Excuse the view, it makes editing a little easier though haha.


----------



## Reader591 (Dec 20, 2022)

Calories 12/19/22
3743
260P
334 C
148 F


----------



## IronSoul (Dec 20, 2022)

Hell yeah man, good pulls.


Sent from my iPhone using Tapatalk


----------



## Reader591 (Dec 21, 2022)

Calories 12/20/22
3862
283 P
354 C
133 F

Weighed in at 229


----------



## DEADlifter (Dec 21, 2022)

Just getting back active here after a brief hiatus.  Nice pulls for sure.  I'm in for following along.  And a belated Welcome to the Underground.


----------



## IronSoul (Dec 21, 2022)

DEADlifter said:


> Just getting back active here after a brief hiatus.
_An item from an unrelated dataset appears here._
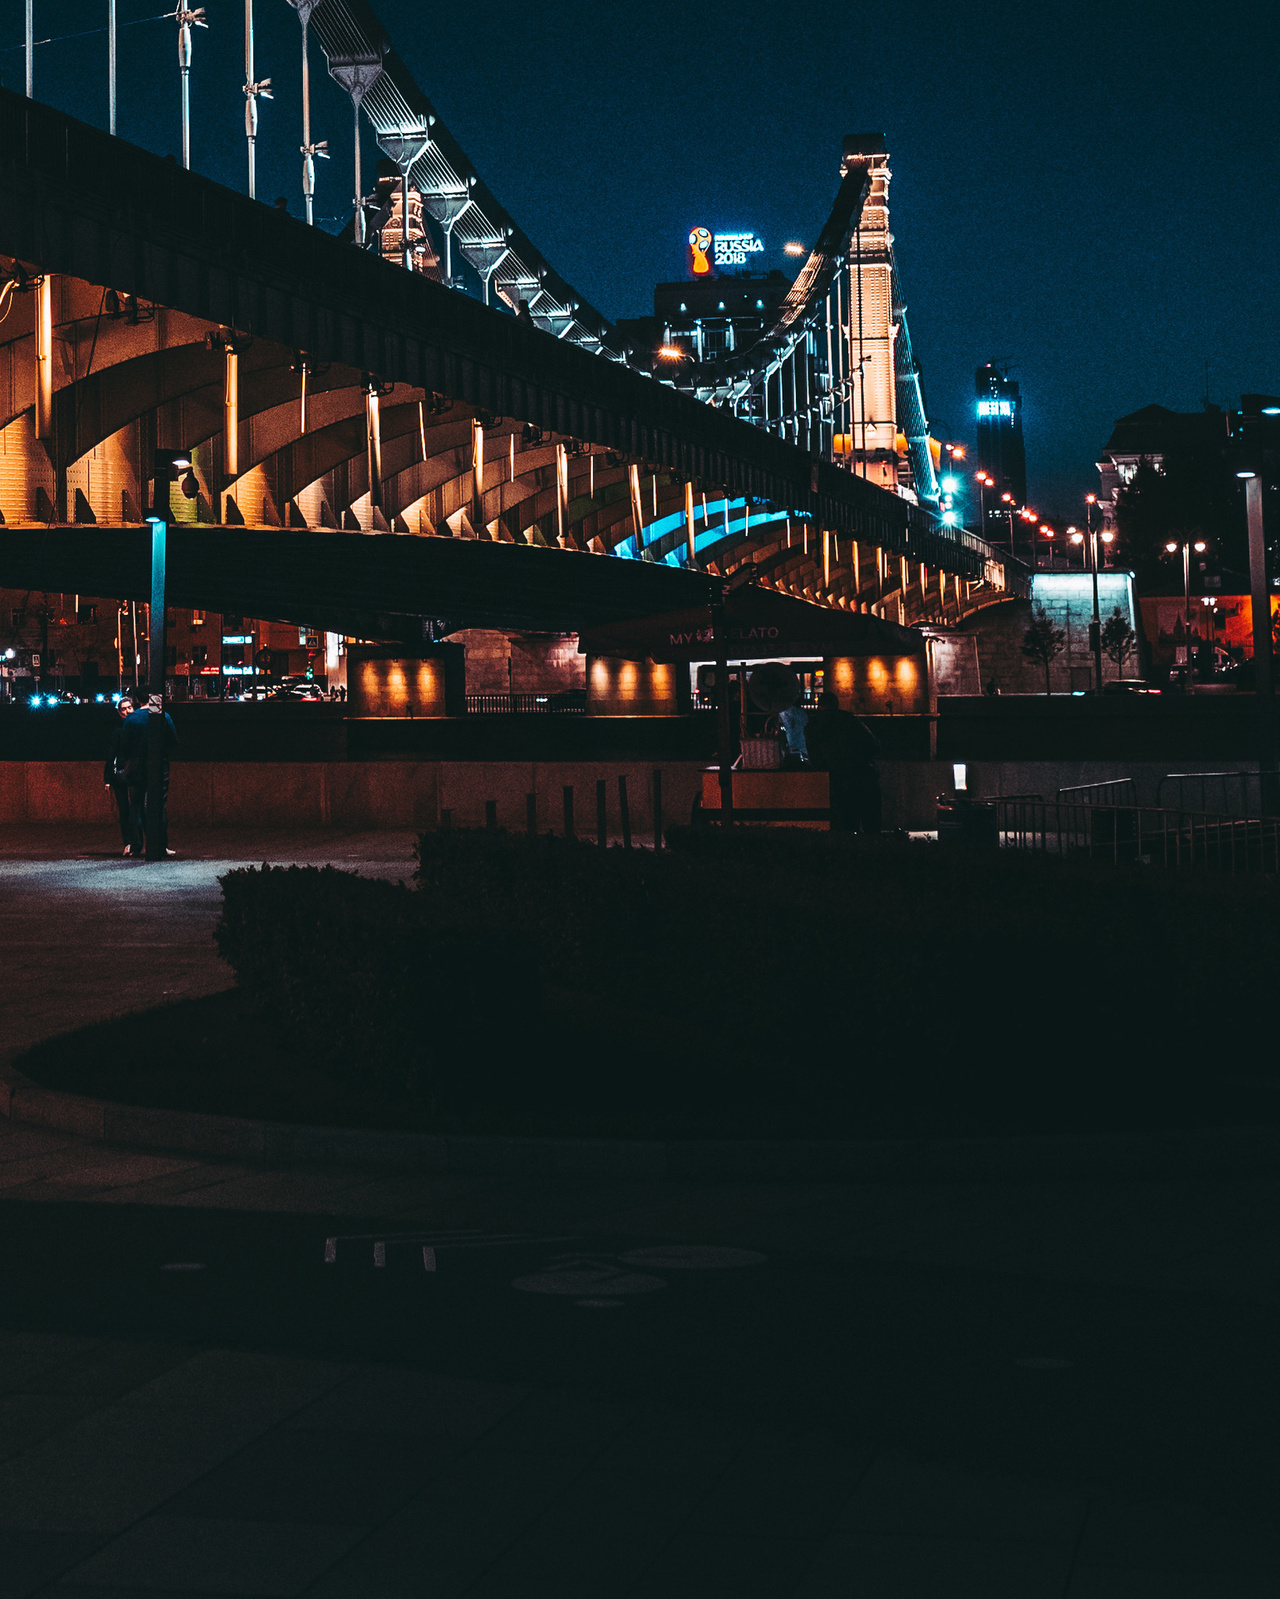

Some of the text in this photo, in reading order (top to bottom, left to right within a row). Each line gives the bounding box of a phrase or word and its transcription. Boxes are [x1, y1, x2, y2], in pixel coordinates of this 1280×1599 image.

Nice pulls for sure. I'm in for following along. And a belated Welcome to the Underground.



He’s a good one man. Glad he found UG


Sent from my iPhone using Tapatalk


----------



## Reader591 (Dec 21, 2022)

Thanks guys!


----------



## IronSoul (Dec 21, 2022)

Reader591 said:


> Thanks guys!



I really don’t like you and think you’re weak and sandbagging though……  kidding bro


Sent from my iPhone using Tapatalk


----------



## Reader591 (Dec 21, 2022)

IronSoul said:


> I really don’t like you and think you’re weak and sandbagging though……  kidding bro
> 
> 
> Sent from my iPhone using Tapatalk


Hahaha, I do my best to out on a show though!


----------



## Reader591 (Dec 22, 2022)

Workout Today

Was feeling a little ran down, busy week, and I  want to get an immediate workout in tomorrow being it will be several days until I workout again. I want to try and put those cookies to work hahah. I shortened this workout from its norm, and subbed squats for leg press so I can leg press tomorrow depending how I feel. 
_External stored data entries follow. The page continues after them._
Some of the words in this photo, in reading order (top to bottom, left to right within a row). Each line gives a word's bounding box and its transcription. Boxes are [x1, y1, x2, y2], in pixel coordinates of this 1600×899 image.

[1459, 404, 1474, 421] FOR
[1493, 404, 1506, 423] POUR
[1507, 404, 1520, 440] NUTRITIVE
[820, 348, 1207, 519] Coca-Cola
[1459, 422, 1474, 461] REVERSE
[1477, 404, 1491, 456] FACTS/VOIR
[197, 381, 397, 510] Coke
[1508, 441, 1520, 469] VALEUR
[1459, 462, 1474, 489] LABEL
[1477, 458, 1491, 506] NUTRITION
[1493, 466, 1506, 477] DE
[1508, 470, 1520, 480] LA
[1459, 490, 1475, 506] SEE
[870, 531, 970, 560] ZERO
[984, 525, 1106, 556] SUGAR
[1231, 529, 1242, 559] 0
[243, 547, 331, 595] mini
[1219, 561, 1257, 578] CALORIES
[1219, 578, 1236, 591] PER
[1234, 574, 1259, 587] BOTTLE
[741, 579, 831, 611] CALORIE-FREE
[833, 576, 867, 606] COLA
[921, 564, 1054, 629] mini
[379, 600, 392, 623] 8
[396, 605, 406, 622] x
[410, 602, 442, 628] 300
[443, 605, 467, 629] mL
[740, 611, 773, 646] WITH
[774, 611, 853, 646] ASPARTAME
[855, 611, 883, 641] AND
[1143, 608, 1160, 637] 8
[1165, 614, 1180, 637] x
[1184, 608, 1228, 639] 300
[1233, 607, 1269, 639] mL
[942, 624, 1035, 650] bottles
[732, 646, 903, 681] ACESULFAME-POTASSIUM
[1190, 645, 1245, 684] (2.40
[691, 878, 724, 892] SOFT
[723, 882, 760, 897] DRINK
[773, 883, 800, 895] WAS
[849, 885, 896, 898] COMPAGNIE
 So to say the least, the weights felt like they were crushing me today, and I actually failed on bench when I shouldn’t have (video) 

Squats
225x5
315x5
385x1
435x1
465x1
475x1 (video)
405x5

Bench Press
135x10
225x10
275x5
315x5
345x3
375x2(failed 3rd rep, shouldnt have. wife was there to help me out.) (video below) 

ISO lateral row machine
107x14 per side
107x14
107x13

Lateral raise 20x16

Calories Today 
3575
259 P
381 C
94 F


----------



## Reader591 (Dec 22, 2022)

I sound like a woman, but holy crap with a small amount of bloat and a fish eye view in the squat video, I look a bit chunky haha. I set it down against the wall in wide view cause I hate filming in a gym and didn’t want to attract attention. 



https://imgur.com/a/a4UhTZs


----------



## Reader591 (Dec 22, 2022)

And my failed bench press at 375



https://imgur.com/a/kOaHWal


----------



## Diesel59 (Dec 22, 2022)

Hey, even on your "off day" you're pushing way more weight than most people ever will.


----------



## Reader591 (Dec 22, 2022)

Diesel59 said:


> Hey, even on your "off day" you're pushing way more weight than most people ever will.


Yea a bit of a hit to the ego…… had to hear it from my wife and my so. Telling me I had too much weight and blah blah blah. They don’t ever say anything when I lift it though…..
First bench failure at above 300 ever….. if I fail, it’s high rep failure and I plan to go to failure….. so that’s why it shook them


----------



## Reader591 (Dec 23, 2022)

12/23/22 calories and workout
5342 
397 P
460 C
192 F

This workout was more for fun/recovery ish. My body is feeling a little beat down, so was my wife’s, so we just went to the gym and did whatever we wanted and threw something together off program just having some fun with it then went driving around looking at Christmas lights, enjoying the last day before the travels around the world begins haha. 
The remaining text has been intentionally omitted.